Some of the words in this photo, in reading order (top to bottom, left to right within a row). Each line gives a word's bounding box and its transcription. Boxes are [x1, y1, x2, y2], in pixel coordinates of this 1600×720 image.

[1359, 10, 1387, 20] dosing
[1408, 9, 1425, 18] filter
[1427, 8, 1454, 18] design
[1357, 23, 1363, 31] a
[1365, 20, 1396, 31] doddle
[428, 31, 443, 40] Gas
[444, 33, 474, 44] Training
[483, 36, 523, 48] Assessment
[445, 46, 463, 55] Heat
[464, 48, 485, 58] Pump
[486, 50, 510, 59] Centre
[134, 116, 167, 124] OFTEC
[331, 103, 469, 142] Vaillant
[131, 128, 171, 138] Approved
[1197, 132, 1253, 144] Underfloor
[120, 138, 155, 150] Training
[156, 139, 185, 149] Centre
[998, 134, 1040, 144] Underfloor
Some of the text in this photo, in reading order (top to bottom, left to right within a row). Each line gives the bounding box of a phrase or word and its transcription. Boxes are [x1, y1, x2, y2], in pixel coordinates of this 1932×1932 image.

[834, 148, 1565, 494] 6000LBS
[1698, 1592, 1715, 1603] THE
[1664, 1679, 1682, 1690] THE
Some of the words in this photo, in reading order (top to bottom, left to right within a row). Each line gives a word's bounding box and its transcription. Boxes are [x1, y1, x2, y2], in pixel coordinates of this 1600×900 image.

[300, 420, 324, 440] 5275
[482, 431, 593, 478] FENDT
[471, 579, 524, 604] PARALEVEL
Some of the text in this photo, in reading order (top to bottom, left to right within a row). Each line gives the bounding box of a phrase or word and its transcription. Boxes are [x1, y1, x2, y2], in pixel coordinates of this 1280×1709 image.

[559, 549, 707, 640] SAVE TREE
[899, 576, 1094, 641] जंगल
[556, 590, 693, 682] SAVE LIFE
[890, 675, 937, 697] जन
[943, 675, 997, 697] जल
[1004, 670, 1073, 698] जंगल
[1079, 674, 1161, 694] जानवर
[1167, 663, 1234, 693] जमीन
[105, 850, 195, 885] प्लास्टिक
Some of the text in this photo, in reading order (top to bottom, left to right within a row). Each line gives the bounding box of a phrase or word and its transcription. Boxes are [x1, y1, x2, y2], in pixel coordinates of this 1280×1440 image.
+ + + +
Problem to solve
In full and without error, give the listing again.

Written solution
Some of the words in this photo, in reading order (top to bottom, left to right within a row). Each line gives a word's bounding box and its transcription. Boxes are [x1, y1, x2, y2], in pixel coordinates of this 1600×720 image.

[1359, 10, 1387, 20] dosing
[1408, 9, 1425, 18] filter
[1427, 8, 1454, 18] design
[1357, 23, 1363, 31] a
[1365, 20, 1396, 31] doddle
[428, 31, 443, 40] Gas
[444, 33, 474, 44] Training
[483, 36, 523, 48] Assessment
[445, 46, 463, 55] Heat
[464, 48, 485, 58] Pump
[486, 50, 510, 59] Centre
[134, 116, 167, 124] OFTEC
[331, 103, 469, 142] Vaillant
[131, 128, 171, 138] Approved
[1197, 132, 1253, 144] Underfloor
[120, 138, 155, 150] Training
[156, 139, 185, 149] Centre
[998, 134, 1040, 144] Underfloor
Some of the text in this photo, in reading order (top to bottom, left to right within a row). Each line gives the bounding box of a phrase or word and its transcription. Boxes are [x1, y1, x2, y2], in pixel coordinates of this 1932×1932 image.

[834, 148, 1565, 494] 6000LBS
[1698, 1592, 1715, 1603] THE
[1664, 1679, 1682, 1690] THE
Some of the words in this photo, in reading order (top to bottom, left to right within a row). Each line gives a word's bounding box and its transcription. Boxes are [x1, y1, x2, y2], in pixel coordinates of this 1600×900 image.

[300, 420, 324, 440] 5275
[482, 431, 593, 478] FENDT
[471, 579, 524, 604] PARALEVEL
Some of the text in this photo, in reading order (top to bottom, left to right within a row). Each line gives the bounding box of a phrase or word and its transcription. Boxes are [x1, y1, x2, y2], in pixel coordinates of this 1280×1709 image.

[559, 549, 707, 640] SAVE TREE
[899, 576, 1094, 641] जंगल
[556, 590, 693, 682] SAVE LIFE
[890, 675, 937, 697] जन
[943, 675, 997, 697] जल
[1004, 670, 1073, 698] जंगल
[1079, 674, 1161, 694] जानवर
[1167, 663, 1234, 693] जमीन
[105, 850, 195, 885] प्लास्टिक
Some of the text in this photo, in reading order (top to bottom, left to right within a row). Each line gives the bounding box of a phrase or word and its transcription. Boxes are [x1, y1, x2, y2], in pixel coordinates of this 1280×1440 image.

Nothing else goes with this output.